GertrudePerkinsPaperyThing · 21/02/2022 20:23

He sounds incredibly selfish. In what world is it reasonable to wake someone who has said they don’t want to be woken at 6 am on a weekend? Especially when you’re supposed to care for that person.

It would drive me berserk- that the treat of a weekend for me, a chance to stay up a bit later and sleep til a bit later. I’m a night owl and can’t change this.

I would definitely be starting my own routine of reading with the light on, having a shower etc until later than he wants to go to bed in the evening. If you have a spare room a better alternative would be to move into it. For me this would be like torture and LTB territory, although I appreciate this might seem extreme!

JesusInTheCabbageVan · 21/02/2022 20:28

@ThroughThickAndThin01

He shouldn’t dictate when you sleep.

However you are getting 8 hours sleep every night. How are you getting so little sleep that you can’t think straight?

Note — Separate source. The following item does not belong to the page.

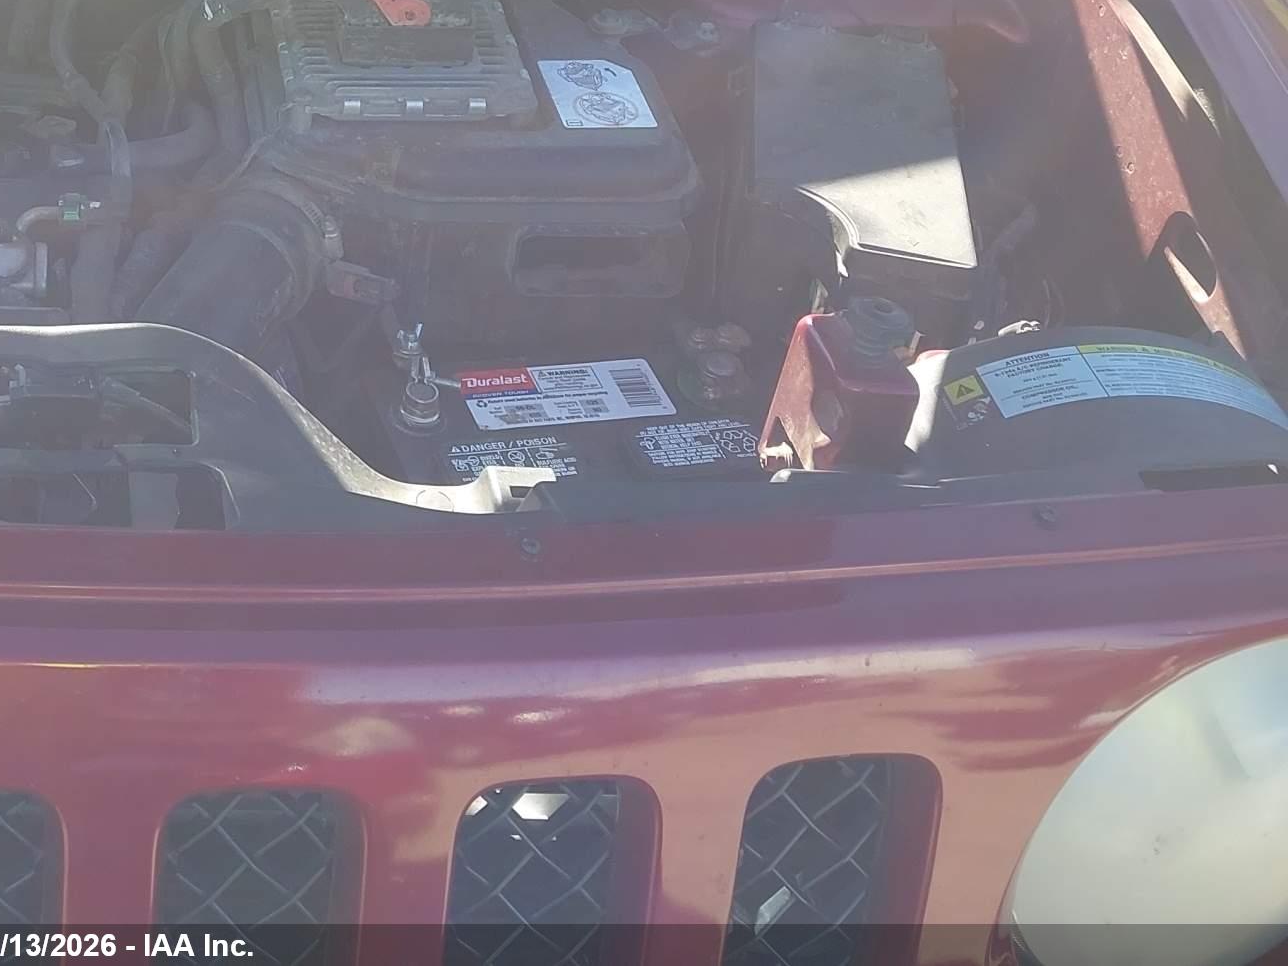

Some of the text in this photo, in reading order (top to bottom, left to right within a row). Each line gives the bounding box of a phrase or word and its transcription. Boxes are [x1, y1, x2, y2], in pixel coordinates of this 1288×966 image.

[461, 373, 529, 388] Duralast
[460, 441, 507, 453] DANGER
[515, 436, 558, 447] POISON

Going to bed at 10 doesn't generally mean asleep immediately and remain asleep for the full 8 hours. Say... 30 mins to fall asleep, wake once or twice in the night for another 20-30 mind each time (it varies from person to person). Over time that adds up. Also if you're tired and stressed to begin with, your quality of sleep will be worse.
ThroughThickAndThin01 · 21/02/2022 20:45

Fair enough.

JesusInTheCabbageVan · 21/02/2022 20:51

I speak as someone who spends wayyy to much time thinking about sleep Grin and doing lonely sleep maths in the middle of the night.

Cheeseandlobster · 21/02/2022 20:51

Your 'd' h is a selfish bastard. Yes it's HIS routine but not yours and if the dc's wake at 8am then you should be able to stay in bed until then. How dare he do this? What is he generally like in other areas of your life op?

Cheeseandlobster · 21/02/2022 20:57

I am getting more ragey the more I think about this actually. So after his shower, what does he do and why does he need you there? Also what happens if you want to stay up later of a weekend - for example going for drinks or the theatre or just staying in with Netflix? Is there any room for manoeuvre or is it just his way?

YingMei · 21/02/2022 21:11

He's selfish. I am an early riser but DH likes to sleep in a bit at the weekend. I wouldn't do anything that would deliberately wake him up like shower.

BoldMove · 21/02/2022 22:24

Thats selfish and quite controlling of him. I don't know what the solution as he does sound like he's prepared to compromise.

Rebecca12356777 · 21/02/2022 22:29

@FourEyesGood

Some people like a lay in and more than 8 hours? I get up at 6/7 in the week but I have one night a week where my child goes to his fathers and I sleep 11/12pm 10-11am and I love it. HATE getting up at 6.

He is being so selfish id he fuming at him ??? I’d find a way to turn the water off that’s how angry I’d be.